▸ **What to produce**:
All the data should be printed again exactly as written.

Data entries:

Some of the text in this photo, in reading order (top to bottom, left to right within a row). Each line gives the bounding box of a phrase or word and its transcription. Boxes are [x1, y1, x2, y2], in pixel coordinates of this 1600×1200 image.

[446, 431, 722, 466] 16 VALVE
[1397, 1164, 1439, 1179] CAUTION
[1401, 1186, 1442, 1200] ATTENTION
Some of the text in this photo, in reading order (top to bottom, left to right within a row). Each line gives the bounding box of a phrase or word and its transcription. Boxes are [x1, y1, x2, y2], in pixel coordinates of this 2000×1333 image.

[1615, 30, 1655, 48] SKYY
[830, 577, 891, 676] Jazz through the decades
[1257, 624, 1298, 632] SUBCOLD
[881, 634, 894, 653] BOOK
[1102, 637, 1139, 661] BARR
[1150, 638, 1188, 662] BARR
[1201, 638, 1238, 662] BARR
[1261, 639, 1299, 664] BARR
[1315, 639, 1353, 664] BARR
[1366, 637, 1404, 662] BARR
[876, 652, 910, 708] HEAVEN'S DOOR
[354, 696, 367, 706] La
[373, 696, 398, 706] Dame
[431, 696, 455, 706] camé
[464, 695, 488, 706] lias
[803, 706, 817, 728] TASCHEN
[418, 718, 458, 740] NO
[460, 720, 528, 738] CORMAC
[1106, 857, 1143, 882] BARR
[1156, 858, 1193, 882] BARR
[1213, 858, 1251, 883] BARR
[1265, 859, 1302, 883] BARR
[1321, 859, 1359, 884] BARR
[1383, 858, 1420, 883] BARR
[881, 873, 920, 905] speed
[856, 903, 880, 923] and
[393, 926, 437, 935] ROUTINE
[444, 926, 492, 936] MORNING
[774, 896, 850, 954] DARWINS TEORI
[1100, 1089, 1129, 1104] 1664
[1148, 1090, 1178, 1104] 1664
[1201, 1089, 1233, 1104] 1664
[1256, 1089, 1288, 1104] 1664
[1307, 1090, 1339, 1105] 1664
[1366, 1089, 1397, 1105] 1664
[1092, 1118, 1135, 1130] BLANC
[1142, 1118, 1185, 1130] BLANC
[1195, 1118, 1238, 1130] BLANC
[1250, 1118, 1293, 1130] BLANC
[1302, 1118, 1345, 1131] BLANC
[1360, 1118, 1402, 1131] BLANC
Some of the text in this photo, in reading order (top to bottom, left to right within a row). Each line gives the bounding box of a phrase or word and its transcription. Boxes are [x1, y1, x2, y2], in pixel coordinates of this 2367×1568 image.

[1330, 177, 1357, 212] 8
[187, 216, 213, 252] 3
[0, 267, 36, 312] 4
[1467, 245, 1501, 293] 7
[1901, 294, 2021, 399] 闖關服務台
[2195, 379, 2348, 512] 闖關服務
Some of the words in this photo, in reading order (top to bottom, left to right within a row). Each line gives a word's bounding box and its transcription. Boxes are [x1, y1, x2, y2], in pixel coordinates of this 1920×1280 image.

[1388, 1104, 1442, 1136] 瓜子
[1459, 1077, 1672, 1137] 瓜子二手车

▸ **Finished task**:
Some of the text in this photo, in reading order (top to bottom, left to right within a row). Each line gives the bounding box of a phrase or word and its transcription. Boxes are [x1, y1, x2, y2], in pixel coordinates of this 1600×1200 image.

[446, 431, 722, 466] 16 VALVE
[1397, 1164, 1439, 1179] CAUTION
[1401, 1186, 1442, 1200] ATTENTION
Some of the text in this photo, in reading order (top to bottom, left to right within a row). Each line gives the bounding box of a phrase or word and its transcription. Boxes are [x1, y1, x2, y2], in pixel coordinates of this 2000×1333 image.

[1615, 30, 1655, 48] SKYY
[830, 577, 891, 676] Jazz through the decades
[1257, 624, 1298, 632] SUBCOLD
[881, 634, 894, 653] BOOK
[1102, 637, 1139, 661] BARR
[1150, 638, 1188, 662] BARR
[1201, 638, 1238, 662] BARR
[1261, 639, 1299, 664] BARR
[1315, 639, 1353, 664] BARR
[1366, 637, 1404, 662] BARR
[876, 652, 910, 708] HEAVEN'S DOOR
[354, 696, 367, 706] La
[373, 696, 398, 706] Dame
[431, 696, 455, 706] camé
[464, 695, 488, 706] lias
[803, 706, 817, 728] TASCHEN
[418, 718, 458, 740] NO
[460, 720, 528, 738] CORMAC
[1106, 857, 1143, 882] BARR
[1156, 858, 1193, 882] BARR
[1213, 858, 1251, 883] BARR
[1265, 859, 1302, 883] BARR
[1321, 859, 1359, 884] BARR
[1383, 858, 1420, 883] BARR
[881, 873, 920, 905] speed
[856, 903, 880, 923] and
[393, 926, 437, 935] ROUTINE
[444, 926, 492, 936] MORNING
[774, 896, 850, 954] DARWINS TEORI
[1100, 1089, 1129, 1104] 1664
[1148, 1090, 1178, 1104] 1664
[1201, 1089, 1233, 1104] 1664
[1256, 1089, 1288, 1104] 1664
[1307, 1090, 1339, 1105] 1664
[1366, 1089, 1397, 1105] 1664
[1092, 1118, 1135, 1130] BLANC
[1142, 1118, 1185, 1130] BLANC
[1195, 1118, 1238, 1130] BLANC
[1250, 1118, 1293, 1130] BLANC
[1302, 1118, 1345, 1131] BLANC
[1360, 1118, 1402, 1131] BLANC
Some of the text in this photo, in reading order (top to bottom, left to right within a row). Each line gives the bounding box of a phrase or word and its transcription. Boxes are [x1, y1, x2, y2], in pixel coordinates of this 2367×1568 image.

[1330, 177, 1357, 212] 8
[187, 216, 213, 252] 3
[0, 267, 36, 312] 4
[1467, 245, 1501, 293] 7
[1901, 294, 2021, 399] 闖關服務台
[2195, 379, 2348, 512] 闖關服務
Some of the words in this photo, in reading order (top to bottom, left to right within a row). Each line gives a word's bounding box and its transcription. Boxes are [x1, y1, x2, y2], in pixel coordinates of this 1920×1280 image.

[1388, 1104, 1442, 1136] 瓜子
[1459, 1077, 1672, 1137] 瓜子二手车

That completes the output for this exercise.